Task |
The records follow. Copy them exactly, but omit the pictures.

[[ Extracted material, beginning ]]

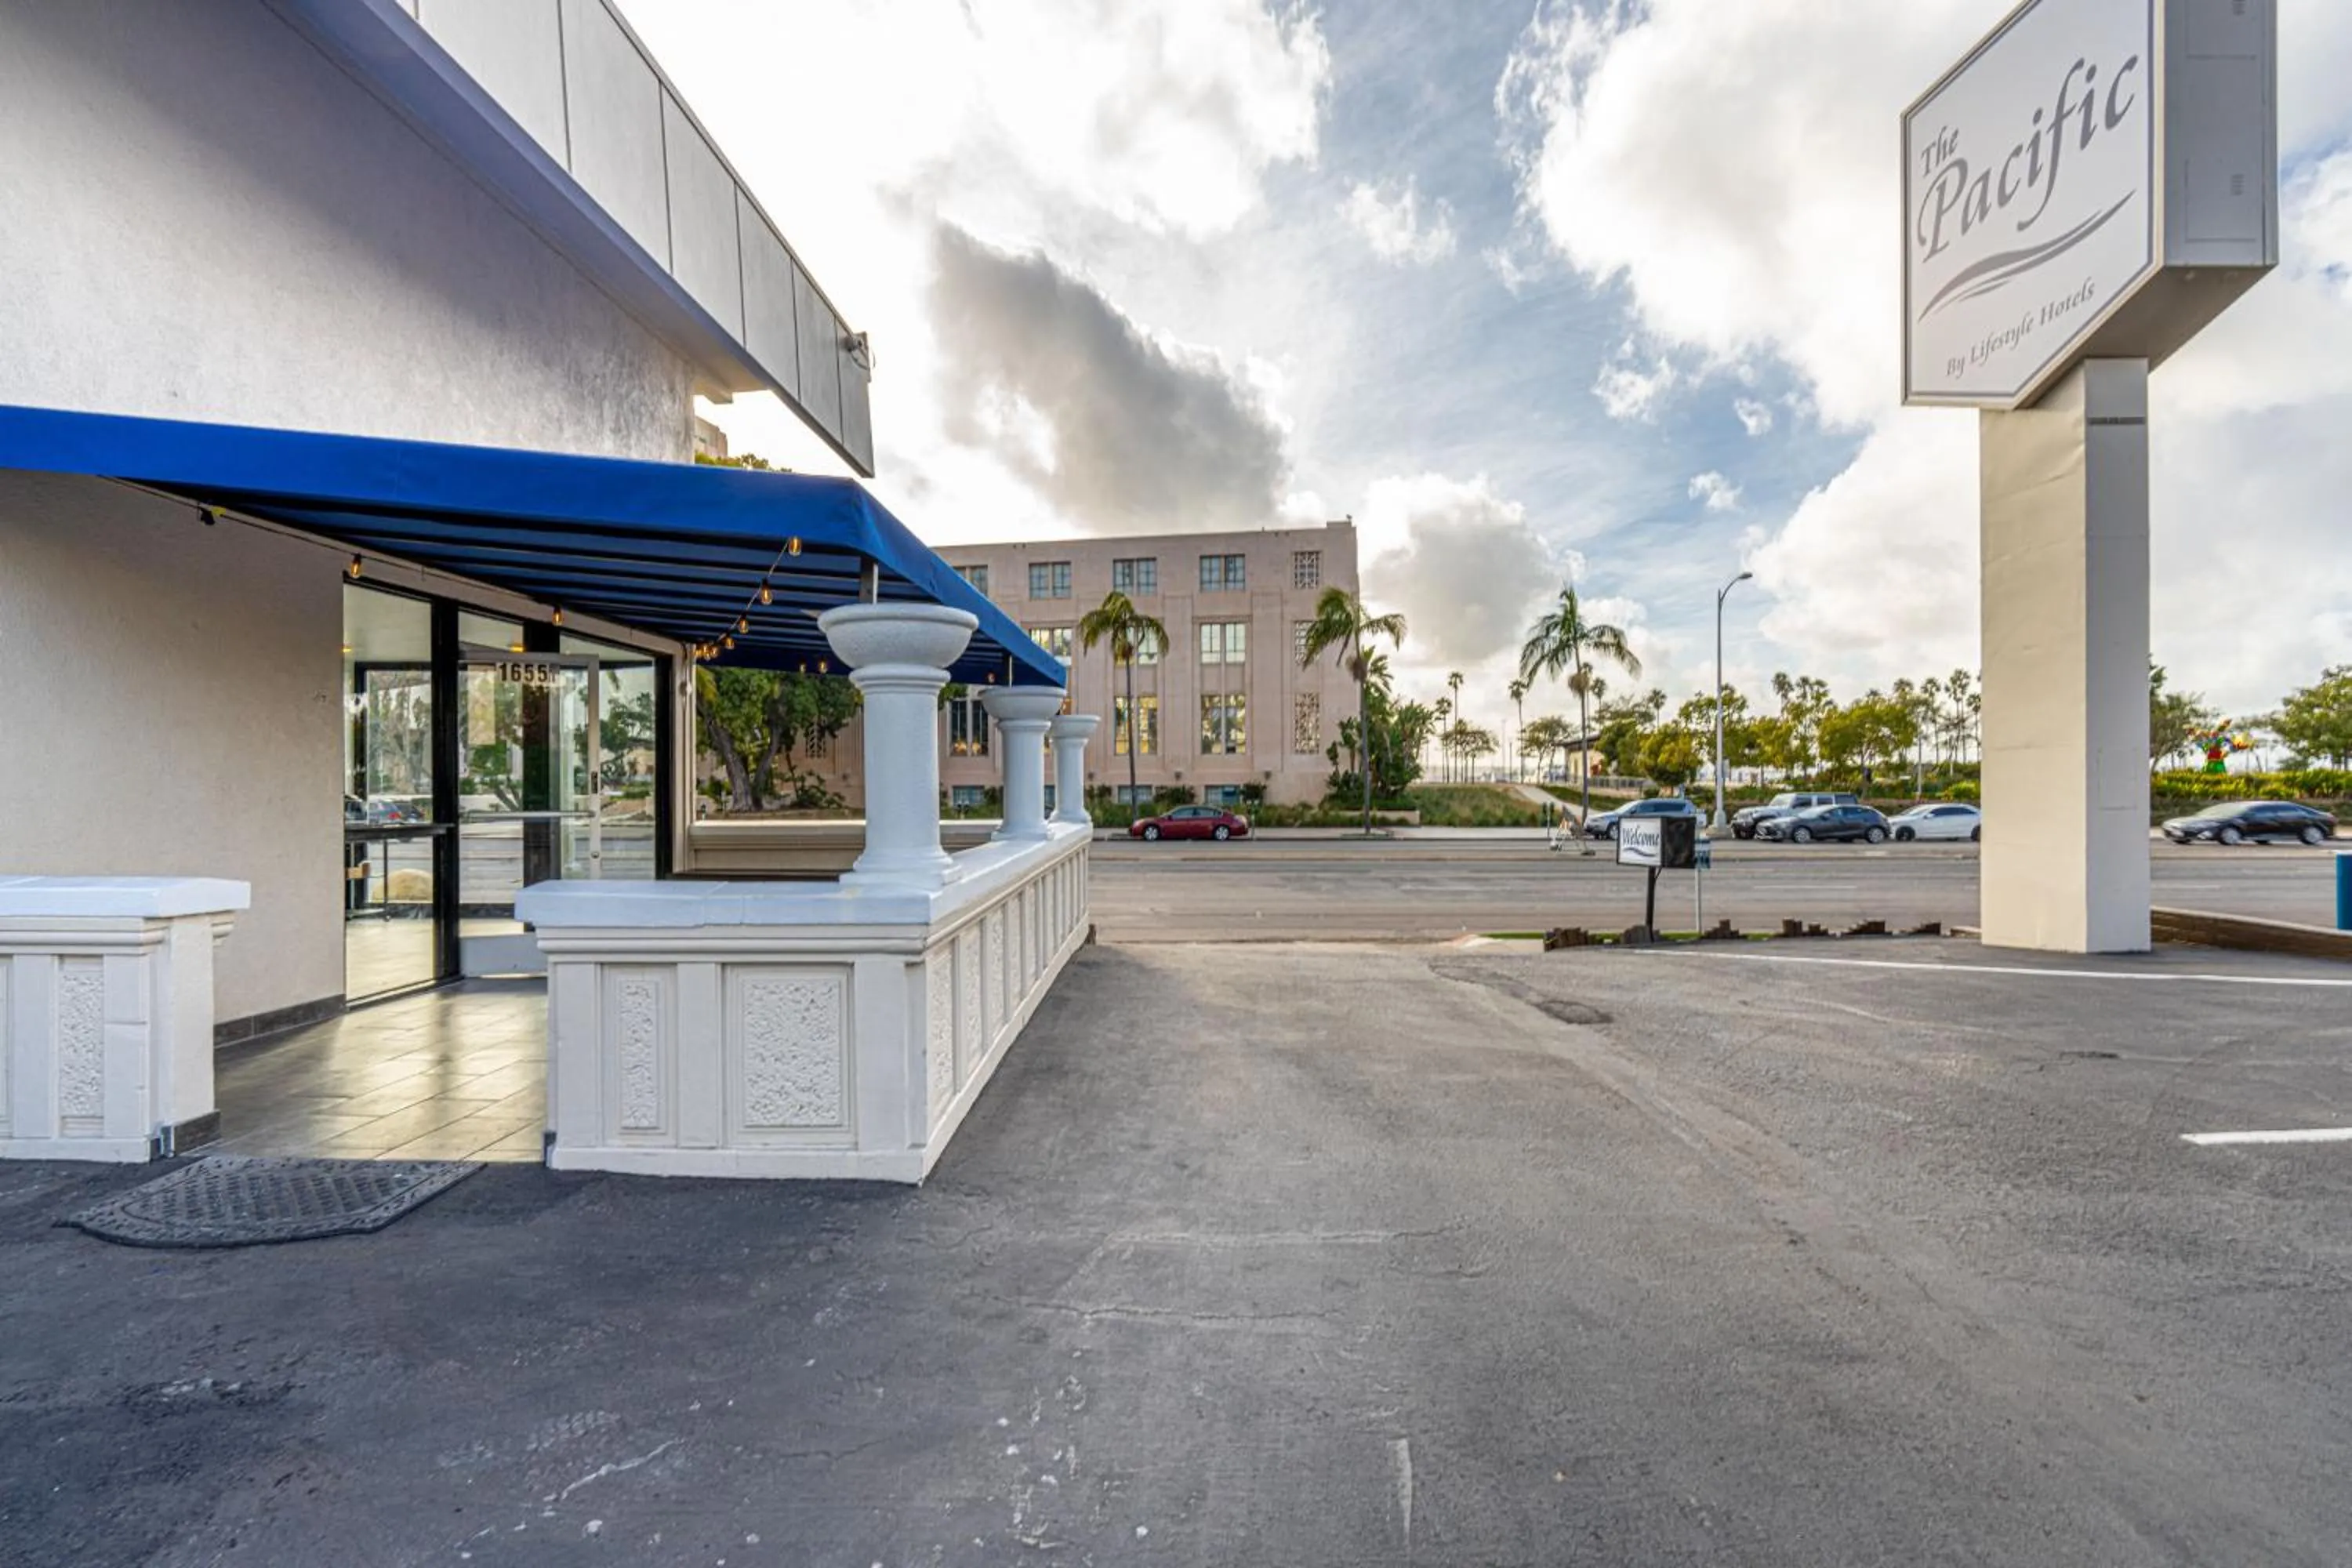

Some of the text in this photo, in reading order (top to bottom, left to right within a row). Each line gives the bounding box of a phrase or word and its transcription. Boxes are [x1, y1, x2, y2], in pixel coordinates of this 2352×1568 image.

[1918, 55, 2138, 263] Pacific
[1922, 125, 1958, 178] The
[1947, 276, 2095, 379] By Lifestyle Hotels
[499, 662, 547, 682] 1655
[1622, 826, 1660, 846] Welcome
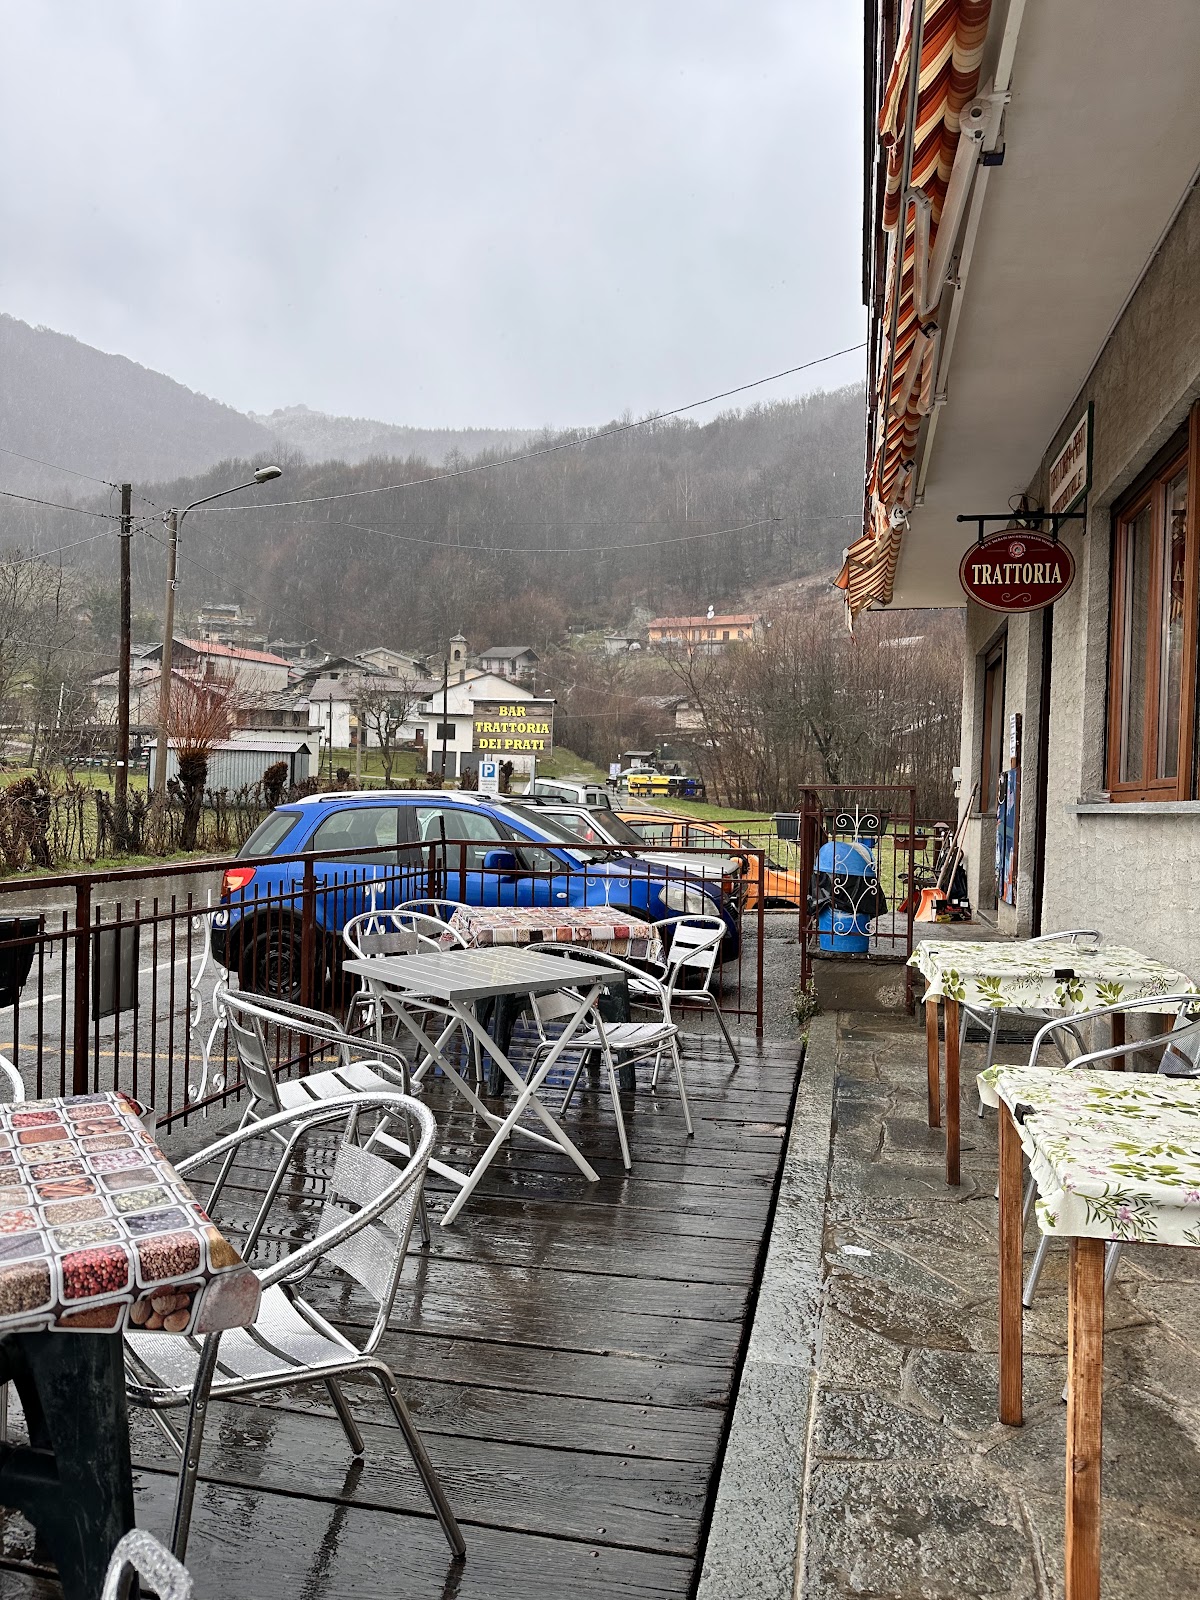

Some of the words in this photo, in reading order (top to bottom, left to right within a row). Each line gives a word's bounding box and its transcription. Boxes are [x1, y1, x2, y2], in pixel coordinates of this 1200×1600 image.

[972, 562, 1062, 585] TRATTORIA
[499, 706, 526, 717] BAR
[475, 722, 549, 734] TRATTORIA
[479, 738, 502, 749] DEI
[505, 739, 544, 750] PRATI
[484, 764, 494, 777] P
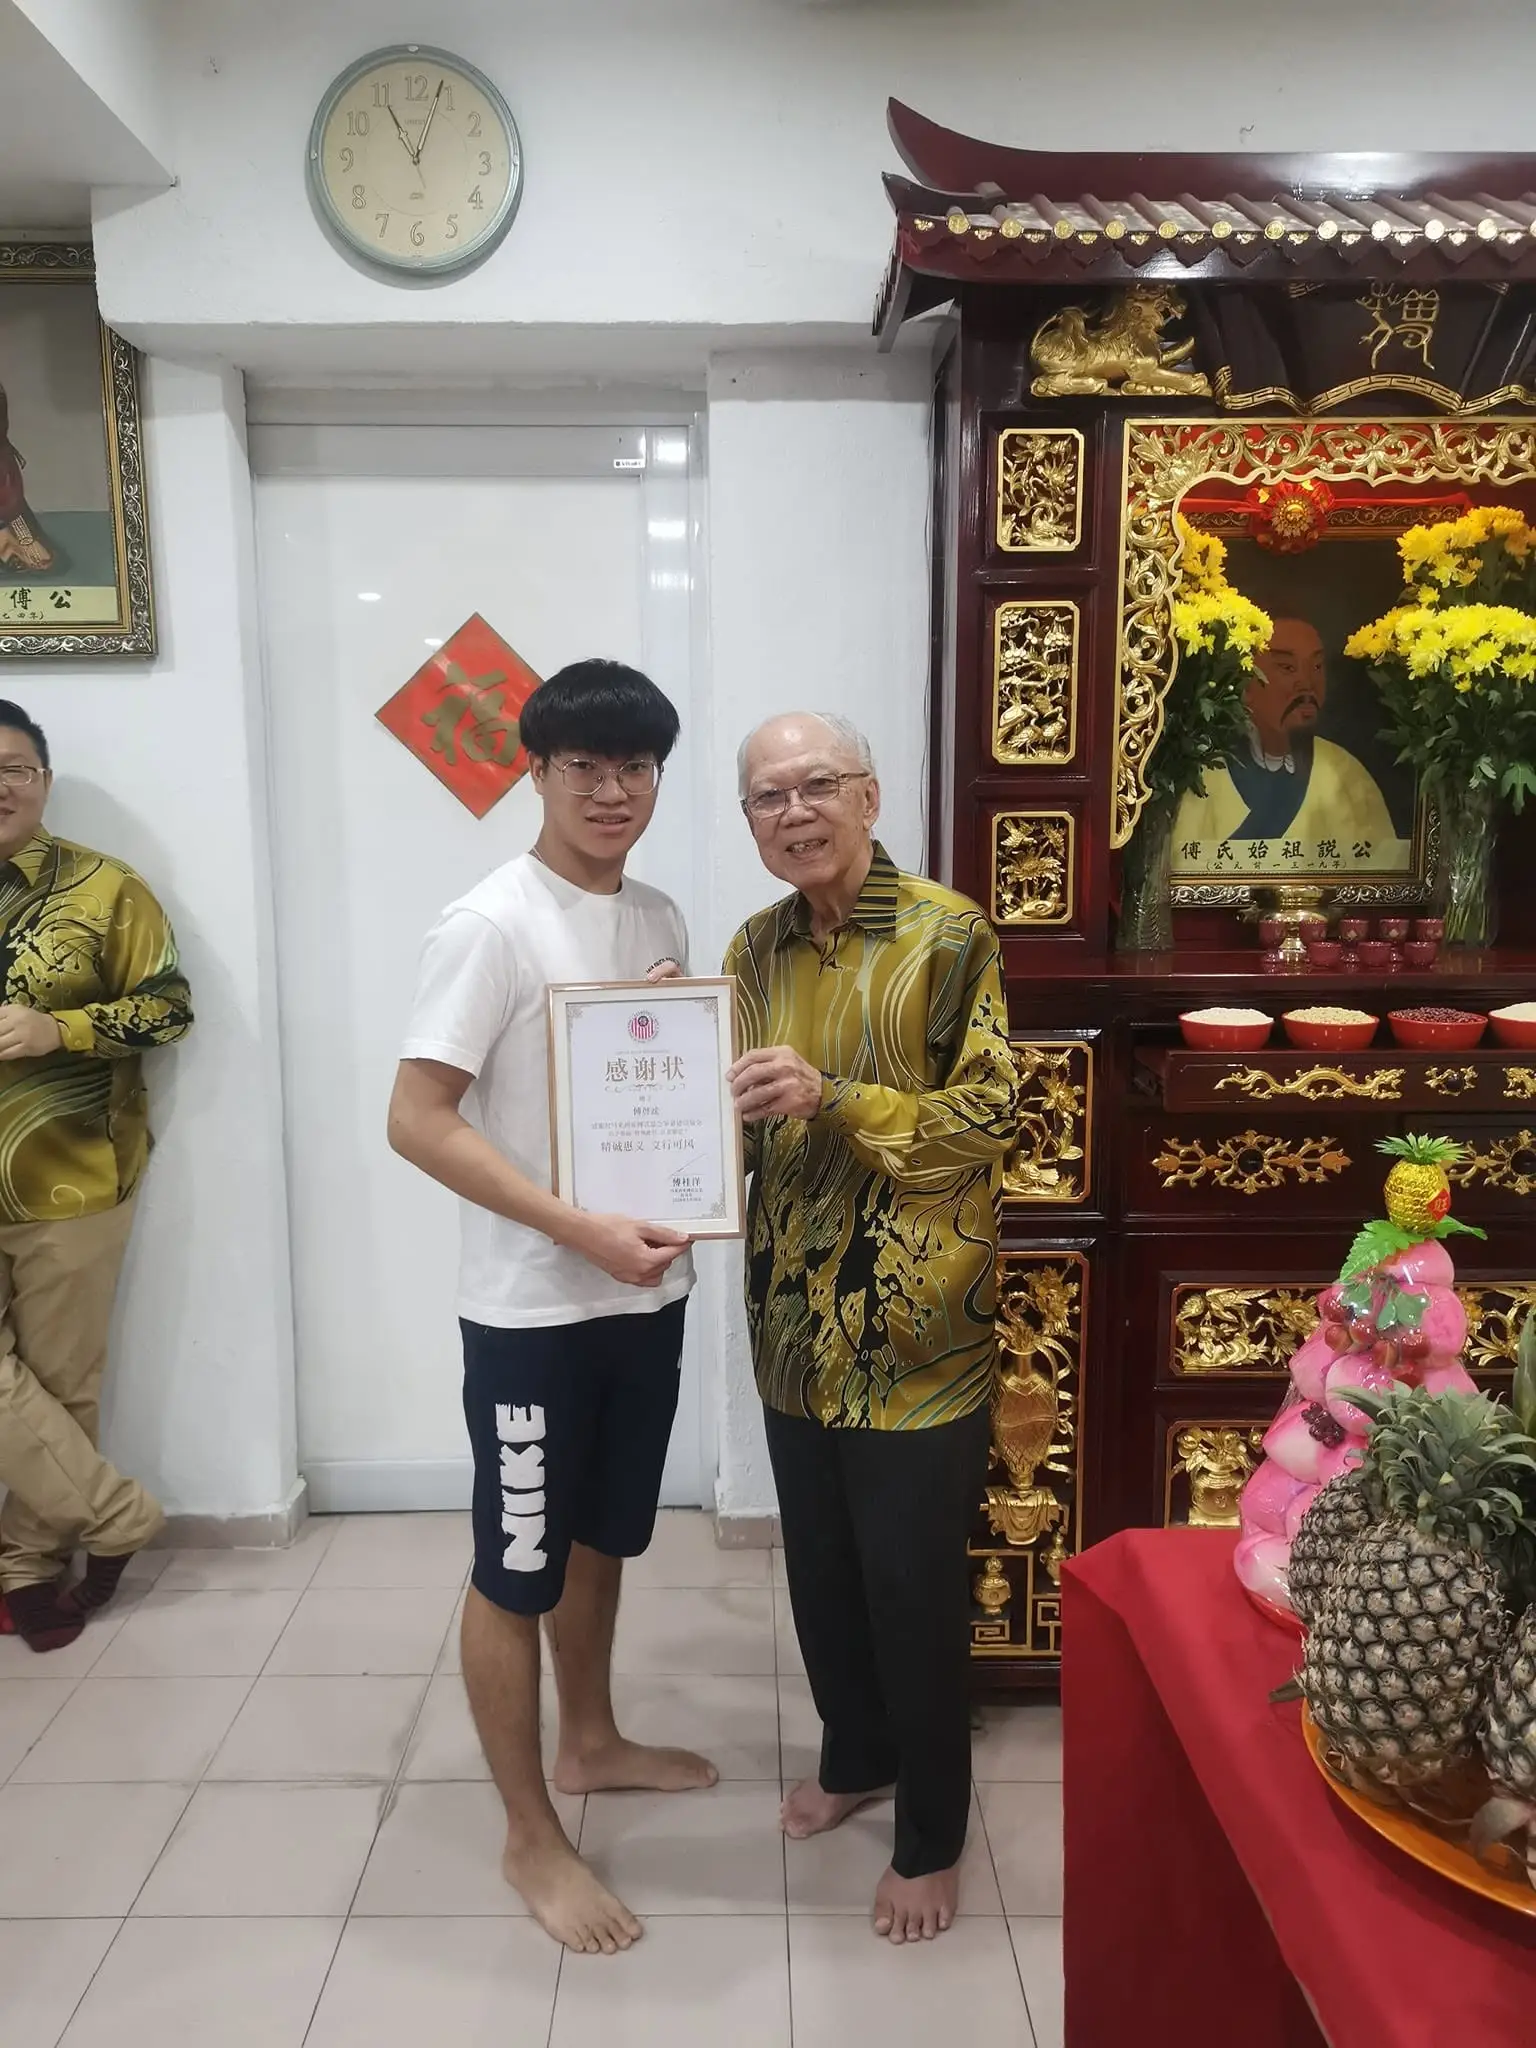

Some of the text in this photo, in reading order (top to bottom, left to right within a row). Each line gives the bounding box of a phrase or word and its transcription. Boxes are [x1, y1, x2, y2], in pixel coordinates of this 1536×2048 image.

[[ Extracted material, end ]]

Solution for this task |
Some of the text in this photo, in reading order (top to bottom, left to right within a row). Each line gives the bounding box of a phrase or word and its transcription. Boxes are [x1, y1, x2, y2], in pixel coordinates of this 2352×1568 image.

[1918, 55, 2138, 263] Pacific
[1922, 125, 1958, 178] The
[1947, 276, 2095, 379] By Lifestyle Hotels
[499, 662, 547, 682] 1655
[1622, 826, 1660, 846] Welcome

Some of the words in this photo, in reading order (top to bottom, left to right within a row). Each line gives a word's bounding box and its transcription. Boxes are [x1, y1, x2, y2], in pixel coordinates of this 1200×1600 image.

[972, 562, 1062, 585] TRATTORIA
[499, 706, 526, 717] BAR
[475, 722, 549, 734] TRATTORIA
[479, 738, 502, 749] DEI
[505, 739, 544, 750] PRATI
[484, 764, 494, 777] P

Some of the text in this photo, in reading order (top to bottom, left to right within a row). Each line gives the bounding box of a phrase or word and its transcription. Boxes are [x1, y1, x2, y2], in pixel coordinates of this 1536×2048 image.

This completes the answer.